__Task requirements__. Leaving every picture out, repeat all of the entries below exactly.
[Task inputs]
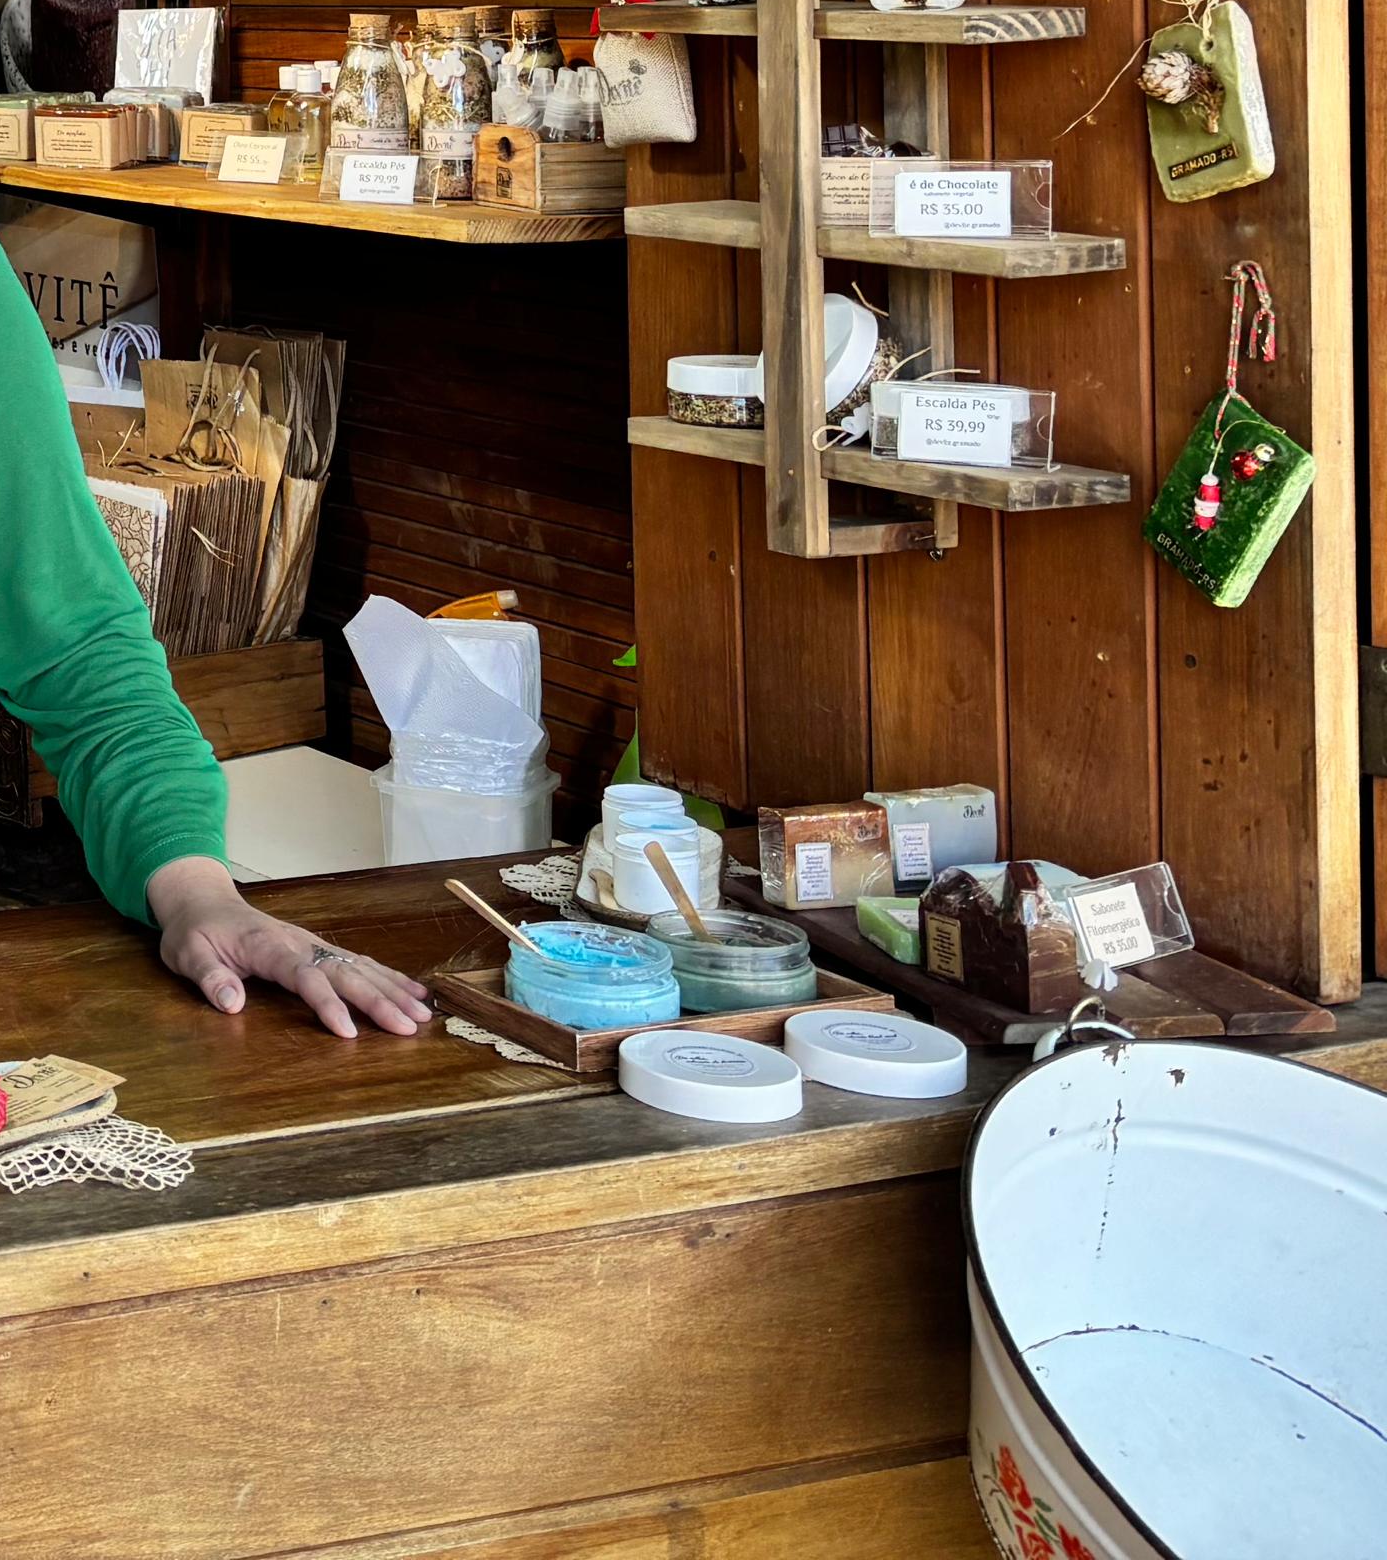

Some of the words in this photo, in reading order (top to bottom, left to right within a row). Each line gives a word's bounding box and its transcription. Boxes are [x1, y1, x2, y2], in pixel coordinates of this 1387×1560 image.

[1171, 145, 1233, 178] GRAMADO-RS
[919, 179, 934, 190] de
[937, 179, 999, 191] Chocolate
[920, 203, 939, 217] R$
[915, 395, 967, 410] Escalda
[972, 398, 996, 411] Pés
[925, 419, 943, 432] R$
[947, 420, 985, 434] 39,99
[1090, 899, 1127, 916] Sabonete
[1103, 941, 1117, 954] R$
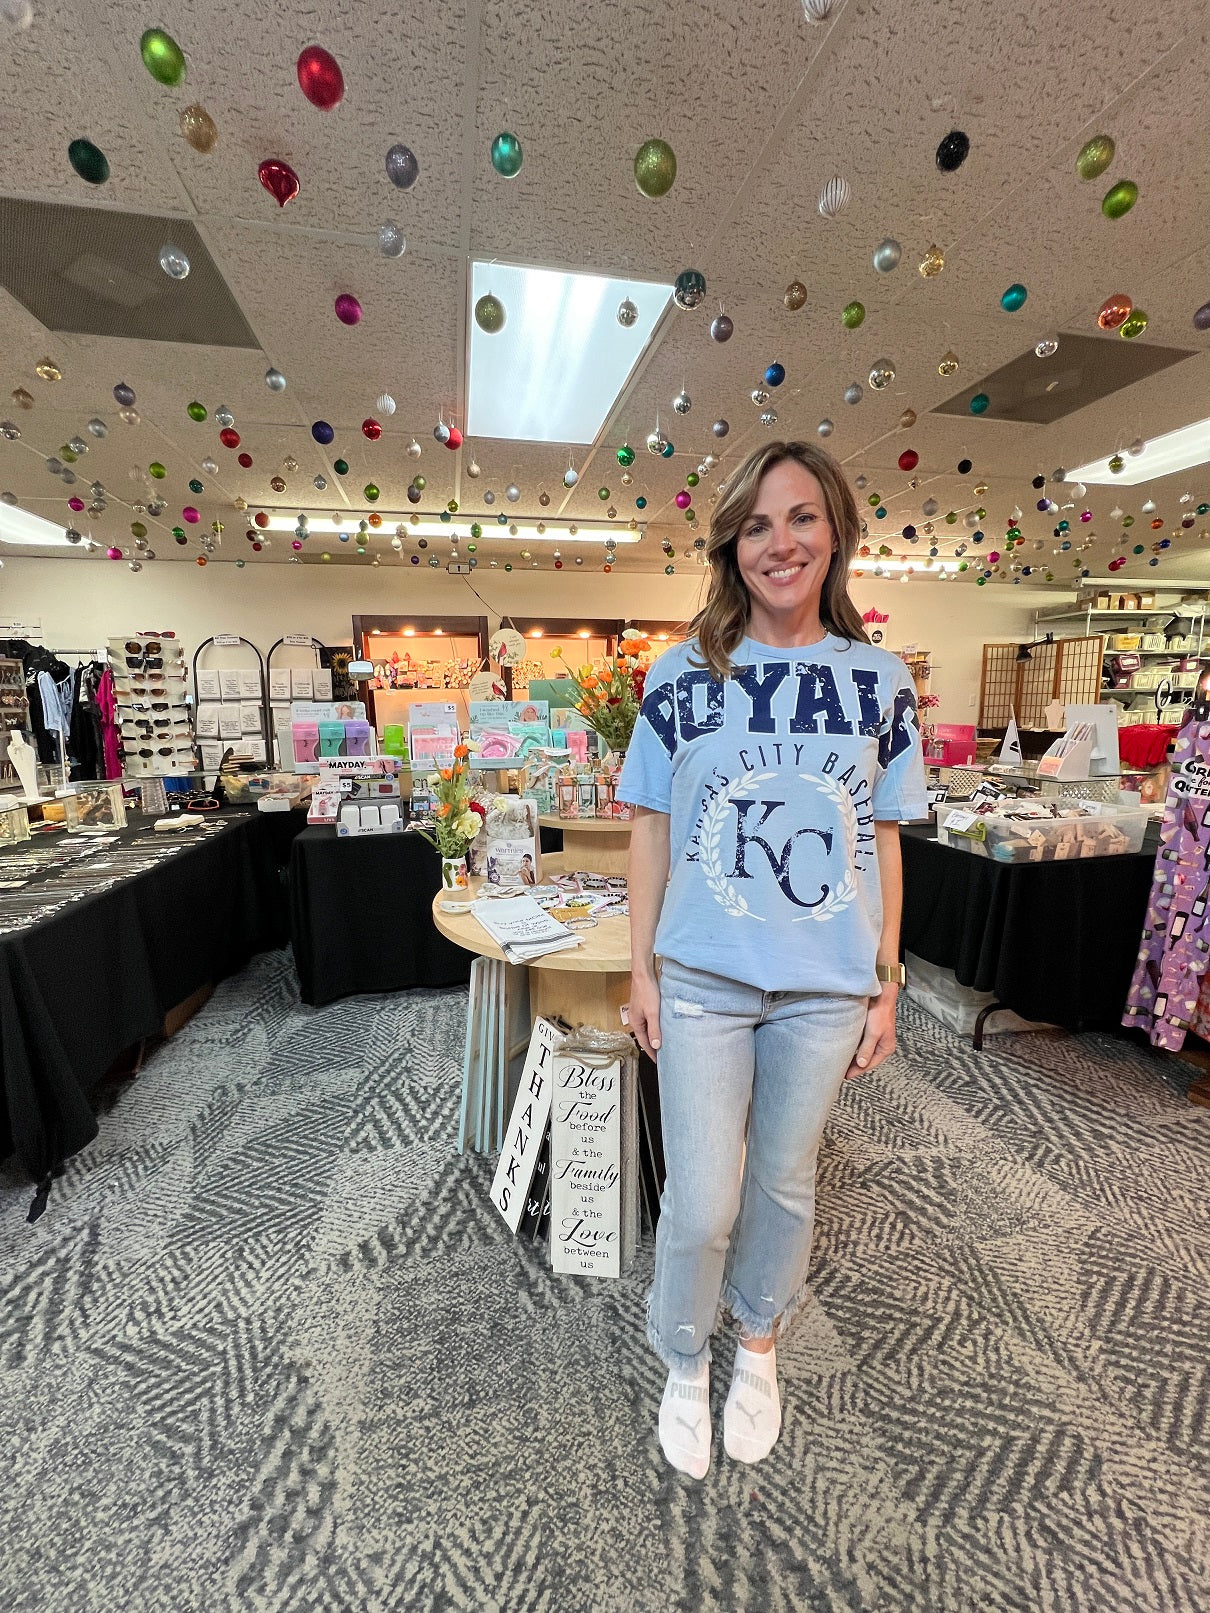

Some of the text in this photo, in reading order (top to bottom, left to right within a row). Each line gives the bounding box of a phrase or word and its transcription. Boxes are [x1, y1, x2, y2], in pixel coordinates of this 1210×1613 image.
[/Task inputs]
__Written solution__.
Some of the words in this photo, in reading order (top to bottom, left to right within a row). Each line gives a word's bounding box and its transcription. Boxes are [x1, y1, x2, y2], in pixel coordinates of this 1387×1560 image.

[1171, 145, 1233, 178] GRAMADO-RS
[919, 179, 934, 190] de
[937, 179, 999, 191] Chocolate
[920, 203, 939, 217] R$
[915, 395, 967, 410] Escalda
[972, 398, 996, 411] Pés
[925, 419, 943, 432] R$
[947, 420, 985, 434] 39,99
[1090, 899, 1127, 916] Sabonete
[1103, 941, 1117, 954] R$

Some of the text in this photo, in reading order (top to bottom, left to right within a row). Each line gives the bounding box of a phrase or word and its transcription. Boxes are [x1, y1, x2, y2], in pixel coordinates of this 1210×1613 image.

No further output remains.